A computational investigation of the thermal elimination chemistry of β-borylated sulfoxides. Sulfenic acid vs. boryl sulfenate elimination

Abstract

Electronic structure calculations were performed to assess how a β-boryl substituent modulates barriers for the classical Ei elimination of sulfoxides. Four main boron substituents were investigated: H, Me, F and OMe. Across the series, methanesulfenic-acid elimination exhibits reduced activation free energies and enthalpies as the boron functionality accepts electron density from the C_β–H bond, promoting a more asynchronous transition state with advanced C_β–H cleavage and O–H formation and correspondingly less S–C_α bond rupture relative to the benchmark ethyl methyl sulfoxide transition state.
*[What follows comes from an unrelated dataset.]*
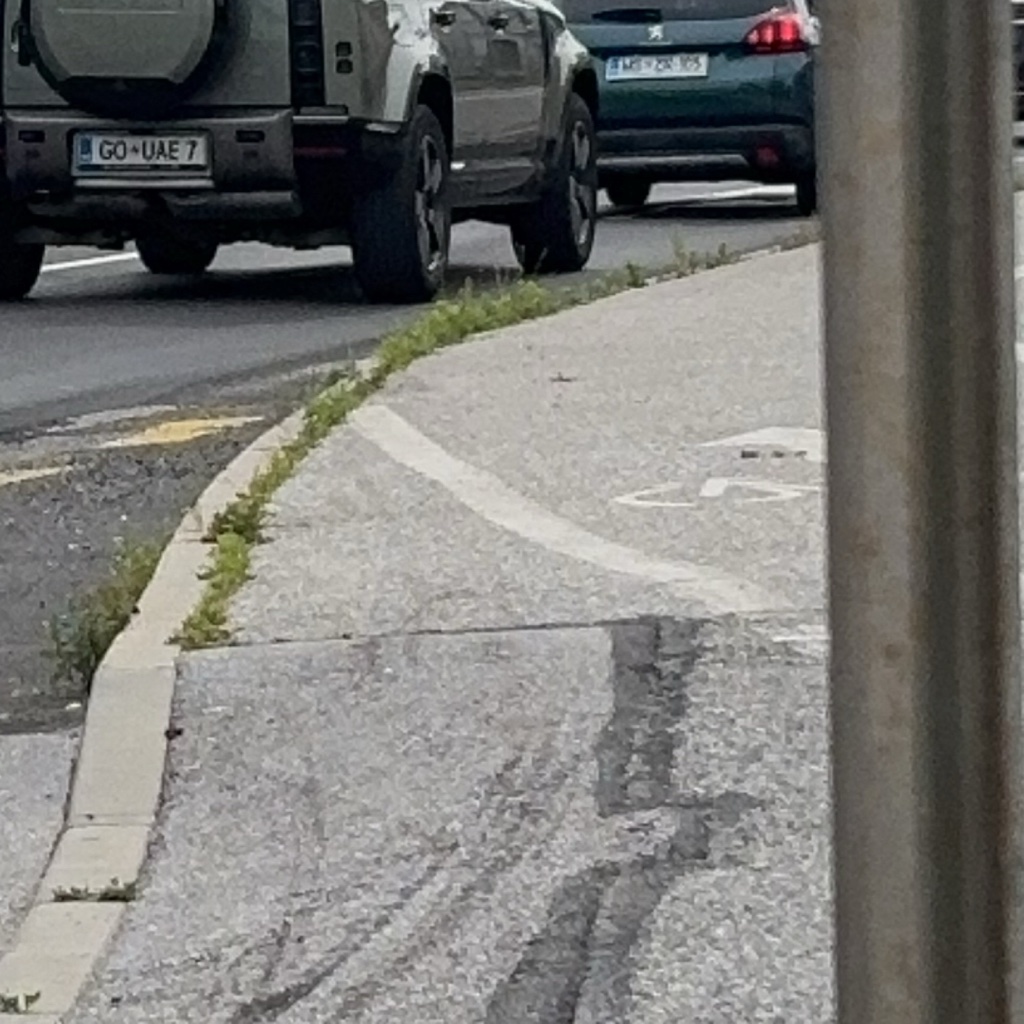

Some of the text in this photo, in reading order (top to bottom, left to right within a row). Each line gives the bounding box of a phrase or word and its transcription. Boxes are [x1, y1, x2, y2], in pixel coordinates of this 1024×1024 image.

[99, 139, 198, 161] GO UAE 7
Nevertheless, β-boryl substrates of the 1B family access lower-energy minima that lead preferentially to boryl sulfenate elimination: the corresponding ΔG^‡ values are 9.5–15.5 kcal mol⁻¹ lower than for the competing proton-transfer (sulfenic-acid) pathway. Replacing methyl with vinyl or phenyl lowers ΔG^‡ by 1.9–4.9 kcal mol⁻¹ through enhanced stabilization of developing electron density at sulfur. A comparison of common boronic esters (catechol, pinacol, BMIDA) for both proton-transfer and boronic-ester-transfer pathways shows catechol (Bcat) gives the lowest barriers, whereas BMIDA is distinctive in that its methanesulfenic acid elimination resembles that of methyl ethyl sulfoxide, and boryl-sulfenate elimination is disfavoured owing to loss of intramolecular N → B coordination. Collectively, β-boryl substitution lowers Ei barriers via electron-acceptor stabilization and biases reaction manifolds toward boryl sulfenate elimination, with the extent governed by conjugation patterns and ester identity.